*To do*
Search the records below for the line containing "Some of the words". Output that line and all later lines exactly; output nothing else.

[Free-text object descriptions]
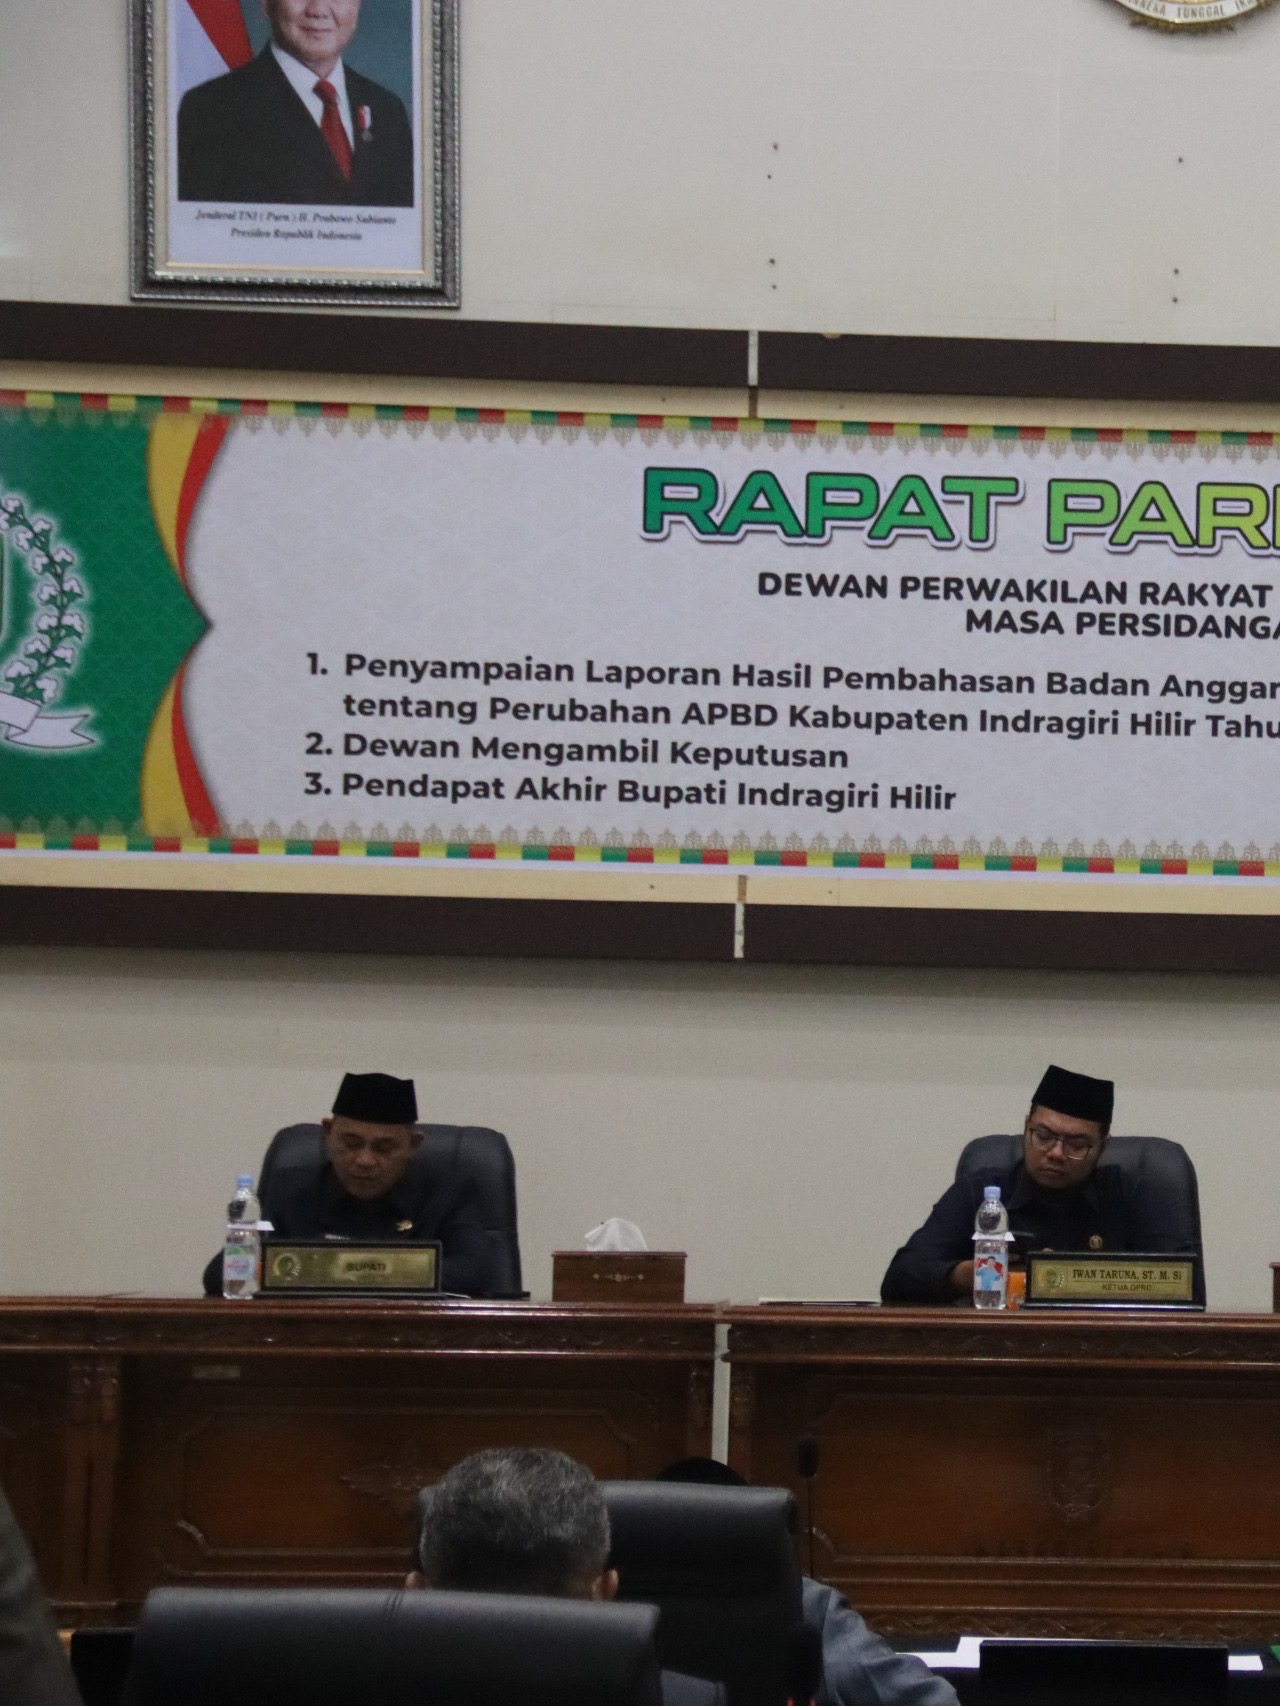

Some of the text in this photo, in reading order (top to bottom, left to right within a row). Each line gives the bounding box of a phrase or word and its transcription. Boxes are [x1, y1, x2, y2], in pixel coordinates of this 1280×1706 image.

[1176, 5, 1225, 19] TUNGGAL
[643, 467, 1020, 543] RAPAT
[757, 571, 888, 600] DEWAN
[899, 575, 1128, 606] PERWAKILAN
[1139, 581, 1274, 609] RAKYAT
[965, 608, 1065, 636] MASA
[306, 652, 329, 676] 1.
[345, 653, 575, 686] Penyampaian
[586, 659, 721, 690] Laporan
[732, 662, 812, 689] Hasil
[823, 666, 1035, 694] Pembahasan
[1046, 671, 1150, 697] Badan
[342, 694, 478, 726] tentang
[489, 696, 671, 725] Perubahan
[681, 701, 779, 727] APBD
[789, 704, 968, 736] Kabupaten
[979, 708, 1120, 741] Indragiri
[1130, 710, 1197, 737] Hilir
[305, 731, 849, 772] 2. Dewan Mengambil Keputusan
[303, 771, 957, 814] 3. Pendapat Akhir Bupati Indragiri Hilir
[346, 1262, 387, 1272] BUPATI
[1073, 1269, 1096, 1279] IWAN
[1102, 1284, 1129, 1292] KETUA
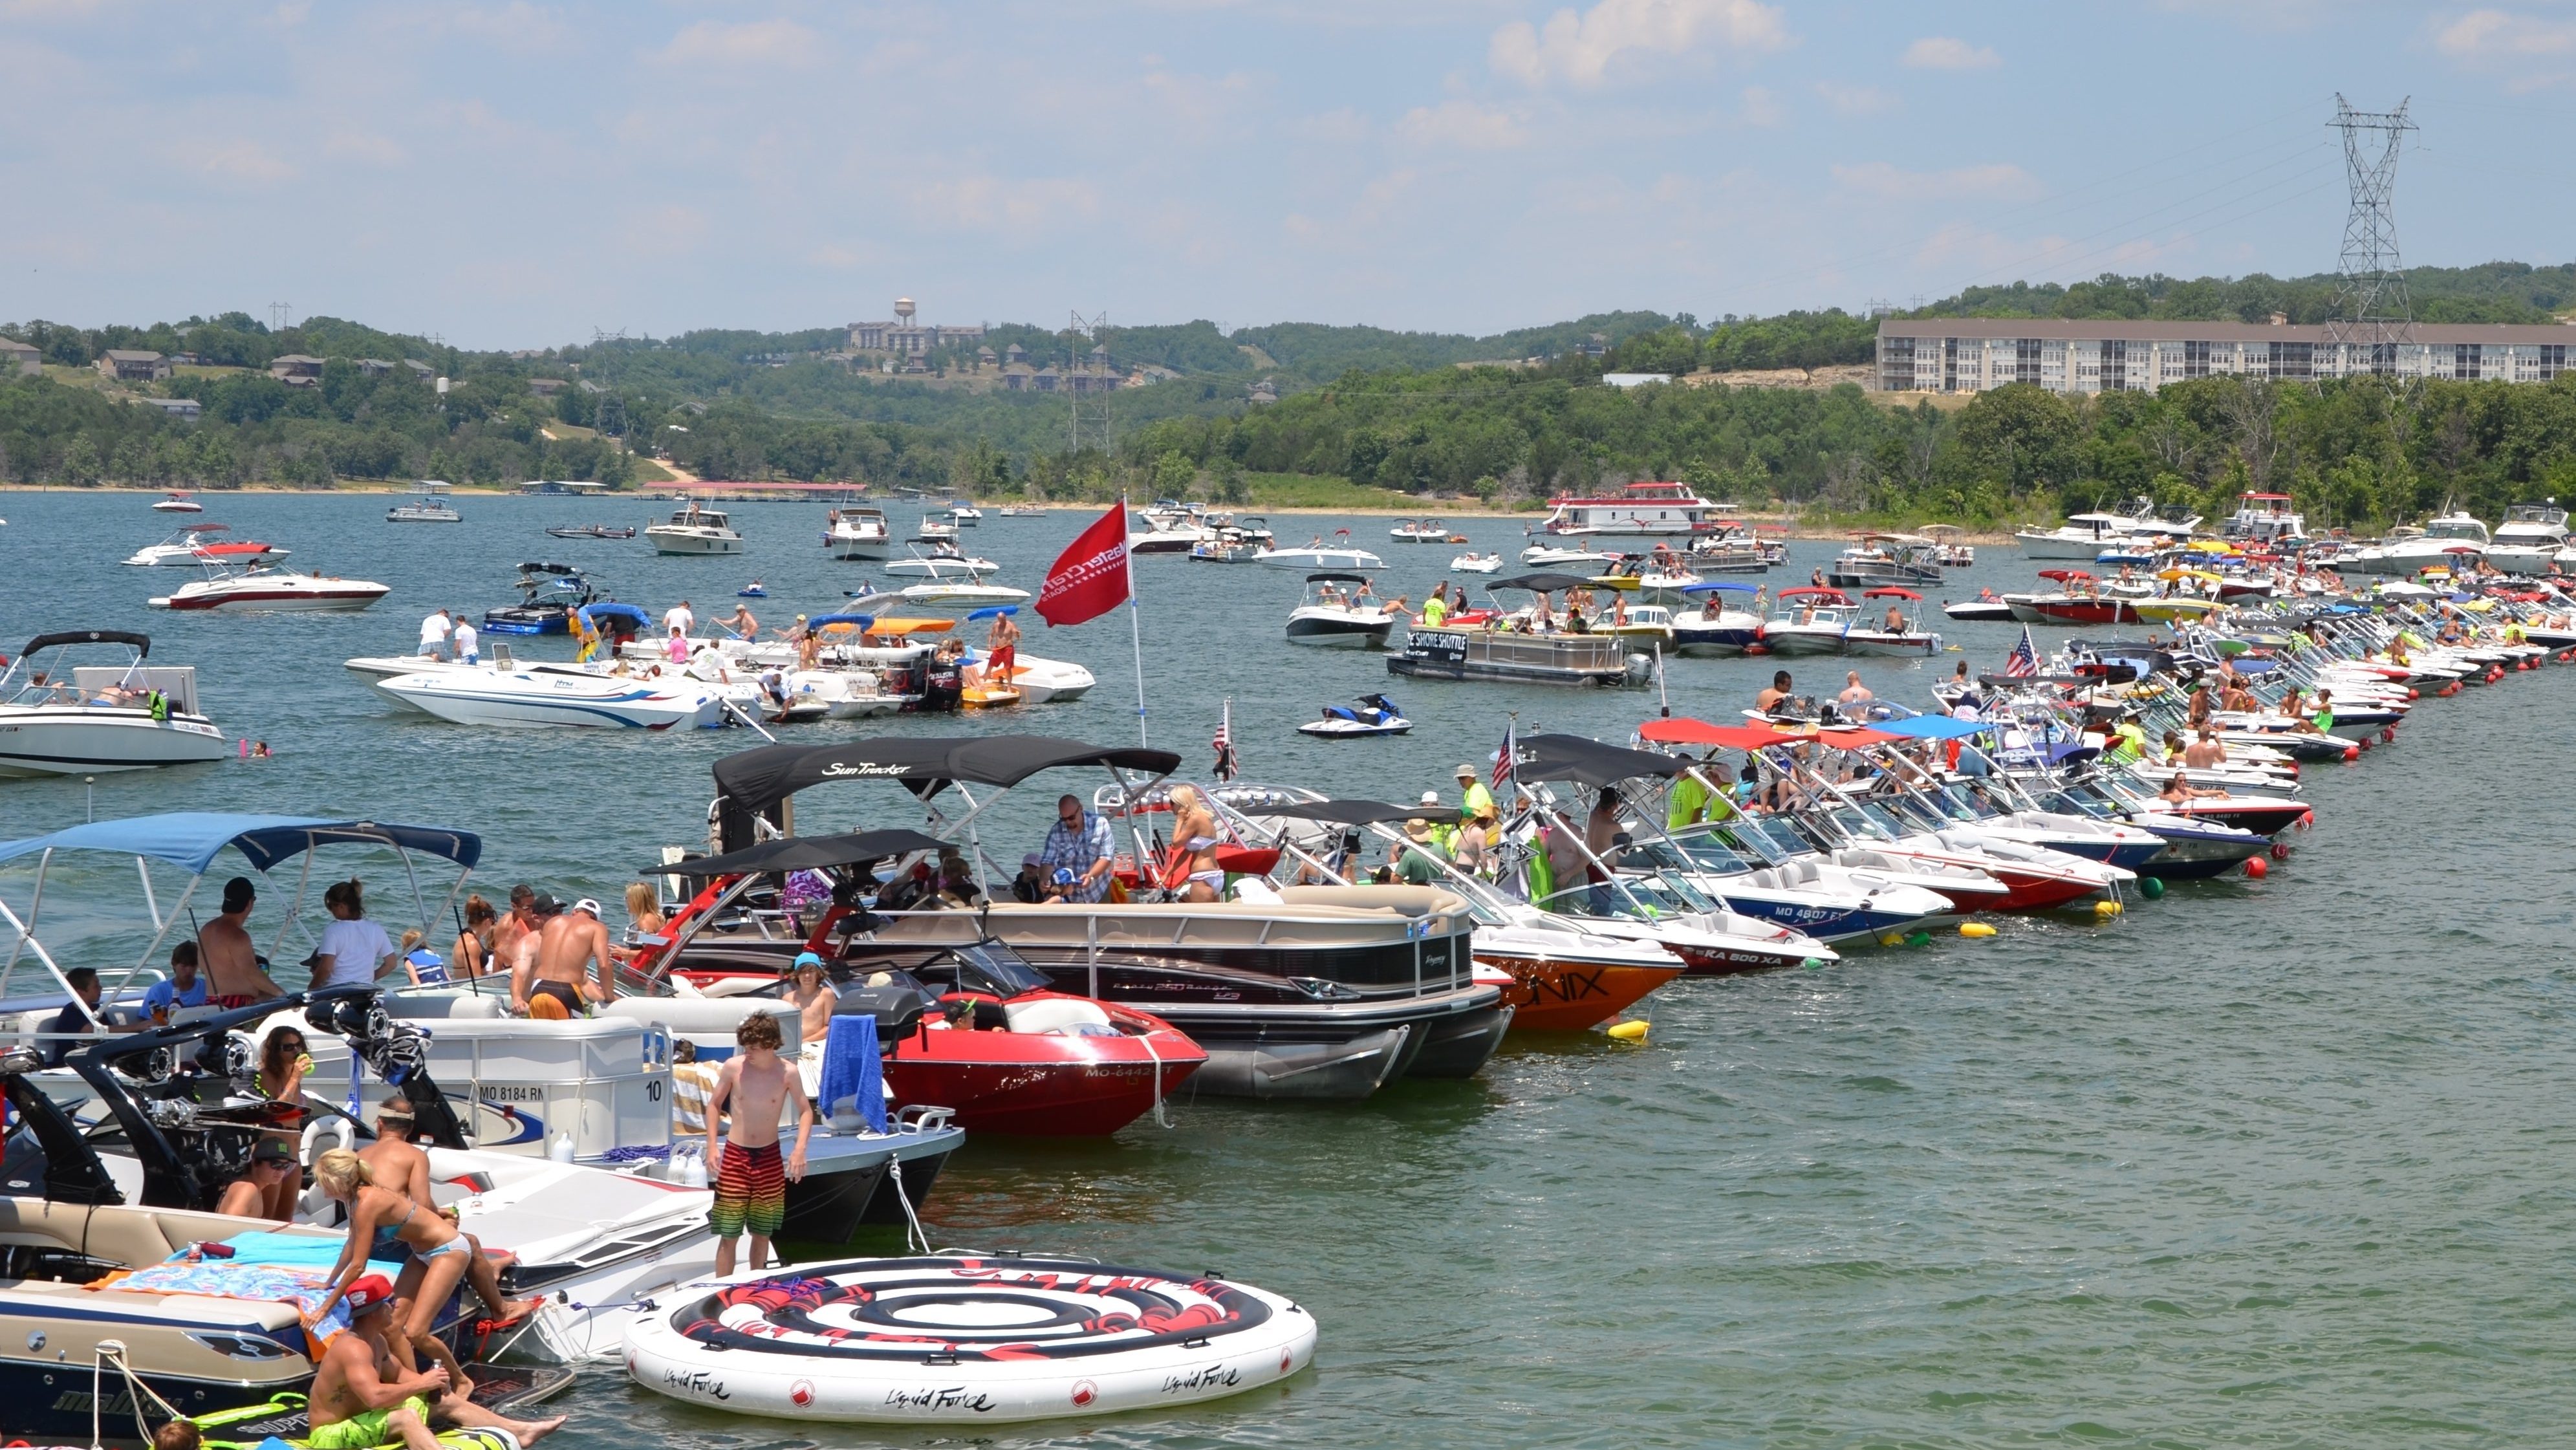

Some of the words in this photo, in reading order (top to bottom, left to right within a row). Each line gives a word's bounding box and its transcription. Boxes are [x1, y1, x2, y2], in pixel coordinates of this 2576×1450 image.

[1415, 632, 1438, 647] SHORE
[1439, 634, 1466, 650] SHUTTLE
[1775, 907, 1793, 916] MO
[1797, 909, 1826, 918] 4807
[1704, 949, 1726, 960] KA
[1729, 953, 1759, 962] 500
[1085, 1066, 1174, 1077] MO-6442-T
[479, 1087, 496, 1100] MO
[501, 1087, 526, 1100] 8184
[646, 1081, 661, 1102] 10
[664, 1369, 692, 1388] Liquid
[691, 1371, 731, 1400] Force
[1162, 1370, 1202, 1394] Liquid
[1197, 1363, 1242, 1392] Force
[885, 1387, 935, 1409] Liquid
[932, 1386, 997, 1412] Force

*Completed task*
Some of the words in this photo, in reading order (top to bottom, left to right within a row). Each line gives a word's bounding box and its transcription. Boxes are [x1, y1, x2, y2], in pixel coordinates of this 2576×1450 image.

[1415, 632, 1438, 647] SHORE
[1439, 634, 1466, 650] SHUTTLE
[1775, 907, 1793, 916] MO
[1797, 909, 1826, 918] 4807
[1704, 949, 1726, 960] KA
[1729, 953, 1759, 962] 500
[1085, 1066, 1174, 1077] MO-6442-T
[479, 1087, 496, 1100] MO
[501, 1087, 526, 1100] 8184
[646, 1081, 661, 1102] 10
[664, 1369, 692, 1388] Liquid
[691, 1371, 731, 1400] Force
[1162, 1370, 1202, 1394] Liquid
[1197, 1363, 1242, 1392] Force
[885, 1387, 935, 1409] Liquid
[932, 1386, 997, 1412] Force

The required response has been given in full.